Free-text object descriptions
┄┄┄┄┄┄┄┄┄┄
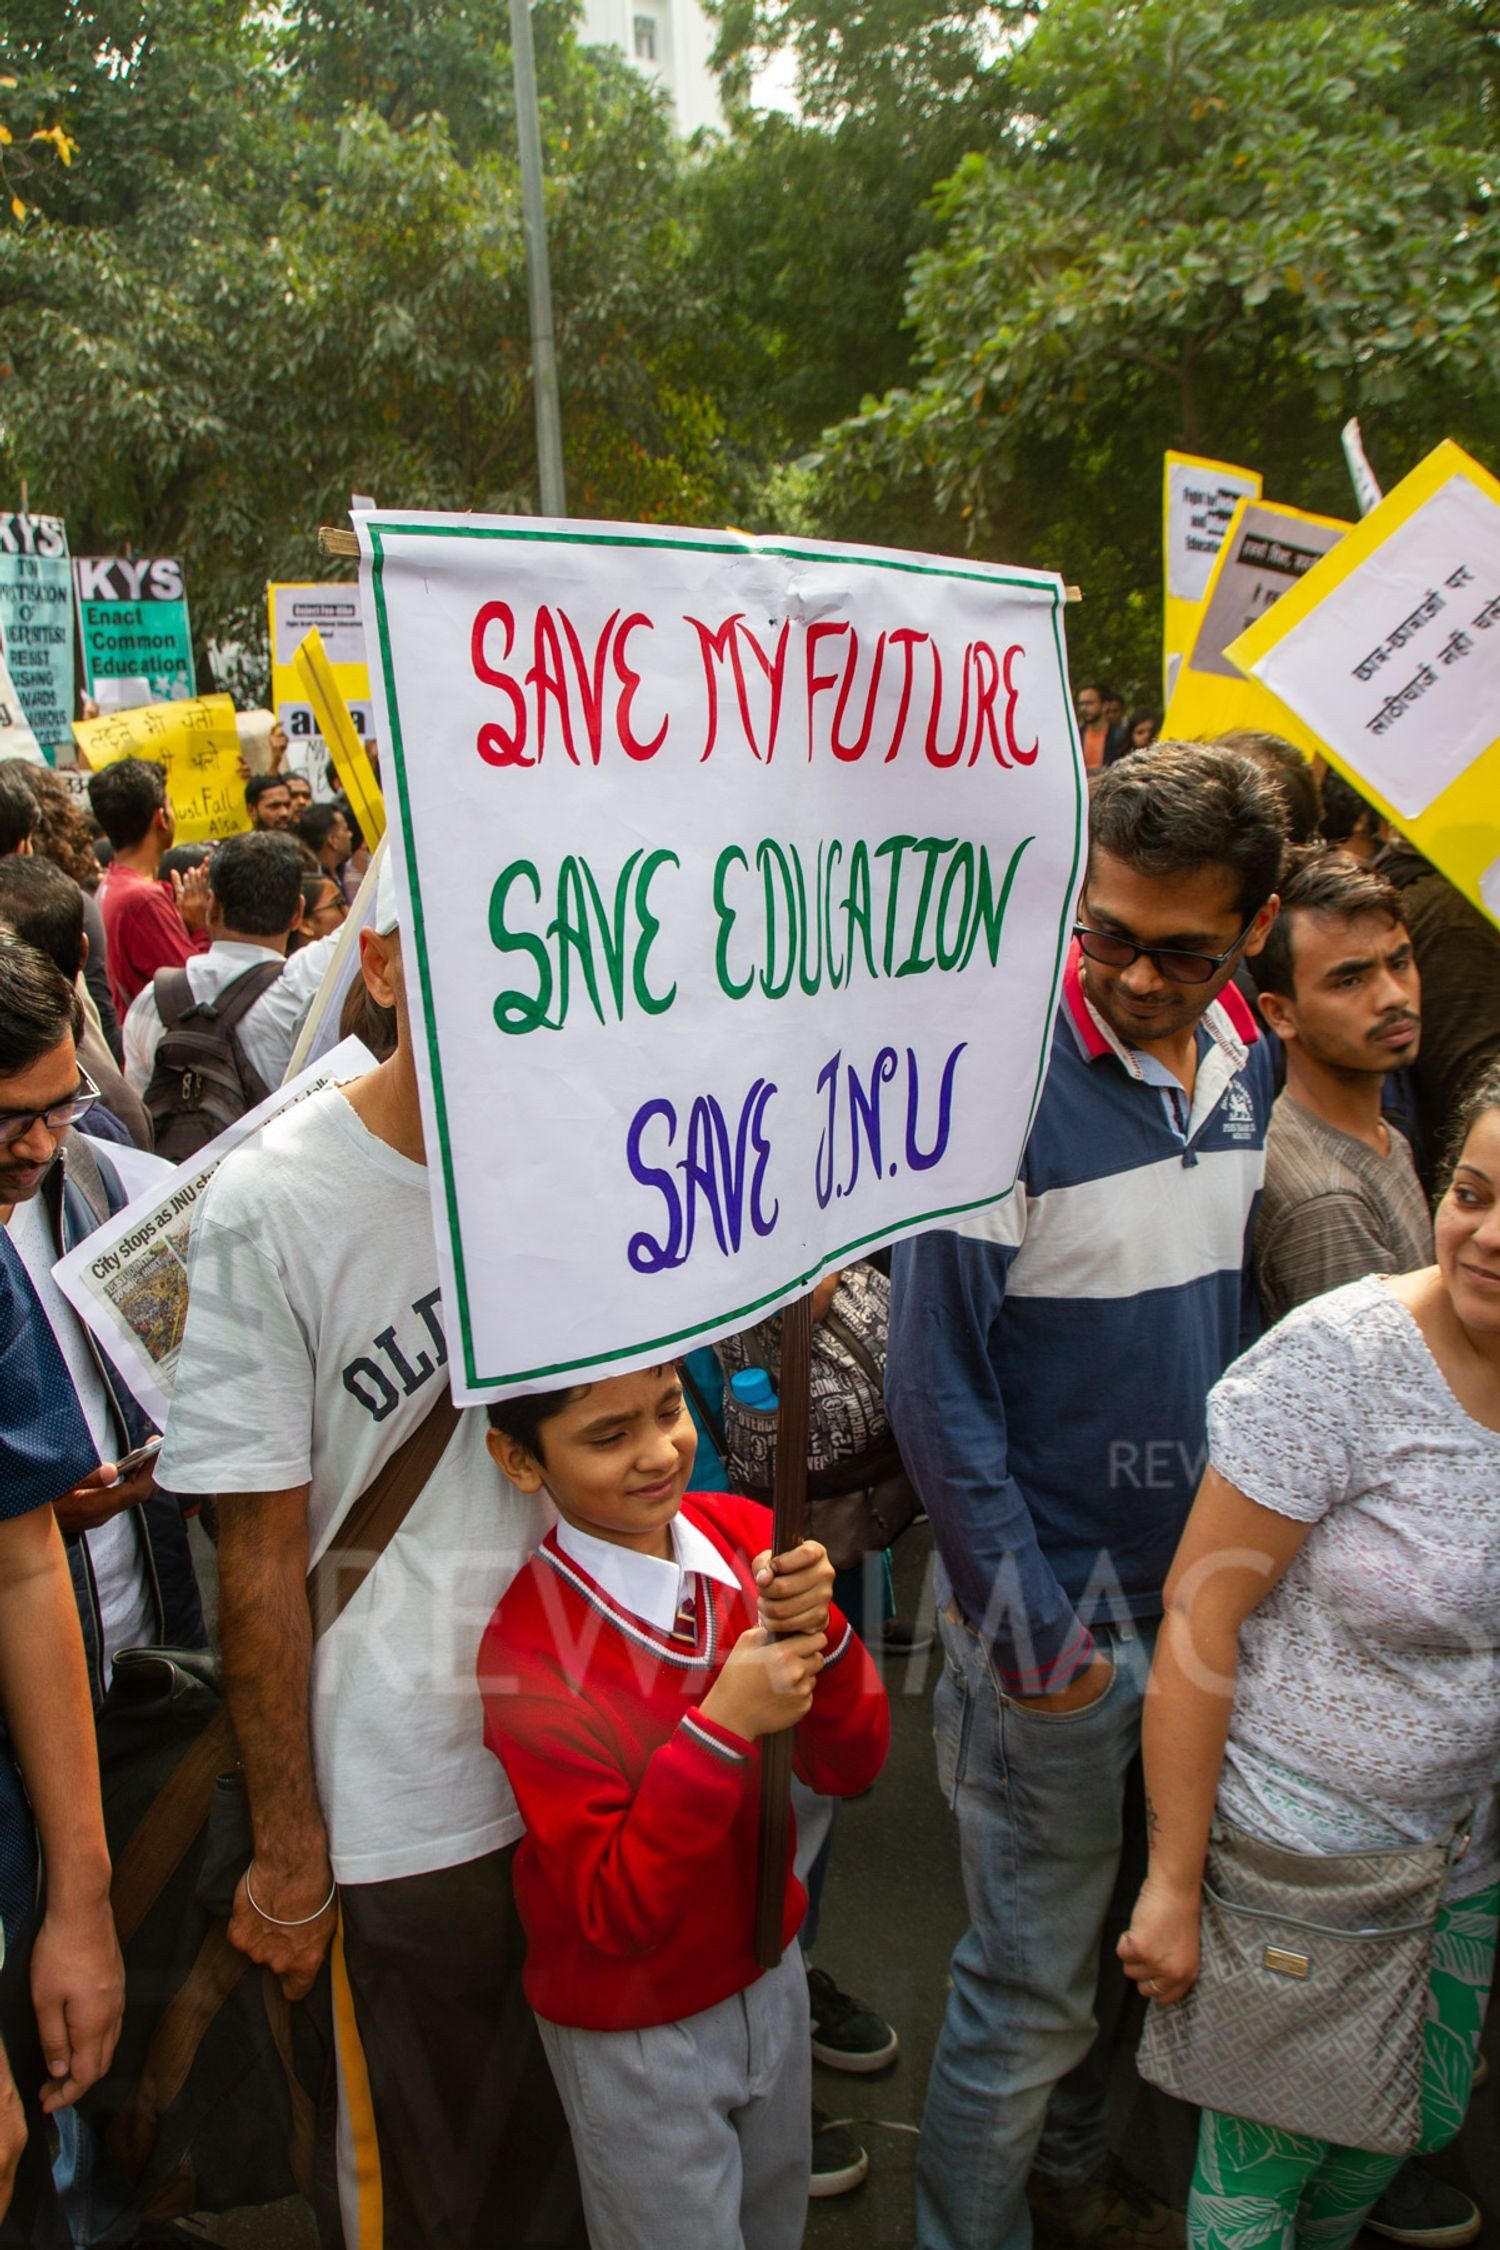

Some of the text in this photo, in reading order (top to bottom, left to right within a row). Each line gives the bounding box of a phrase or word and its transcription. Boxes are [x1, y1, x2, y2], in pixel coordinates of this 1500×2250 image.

[80, 558, 184, 600] KYS
[87, 607, 144, 626] Enact
[92, 656, 187, 675] Education
[471, 601, 1039, 769] SAVE MY FUTURE
[201, 785, 233, 817] Fall
[488, 836, 1037, 1036] SAVE EDUCATION
[627, 1078, 779, 1274] SAVE
[91, 1251, 121, 1281] City
[119, 1222, 157, 1258] stops
[154, 1208, 173, 1229] as
[170, 1185, 197, 1215] JNU
┄┄┄┄┄┄┄┄┄┄
YOUR TASK: Every entry should be repeated verbatim, with the pictures left out.

RESPONSE TO THIS EXERCISE:
Some of the text in this photo, in reading order (top to bottom, left to right within a row). Each line gives the bounding box of a phrase or word and its transcription. Boxes are [x1, y1, x2, y2], in pixel coordinates of this 1500×2250 image.

[80, 558, 184, 600] KYS
[87, 607, 144, 626] Enact
[92, 656, 187, 675] Education
[471, 601, 1039, 769] SAVE MY FUTURE
[201, 785, 233, 817] Fall
[488, 836, 1037, 1036] SAVE EDUCATION
[627, 1078, 779, 1274] SAVE
[91, 1251, 121, 1281] City
[119, 1222, 157, 1258] stops
[154, 1208, 173, 1229] as
[170, 1185, 197, 1215] JNU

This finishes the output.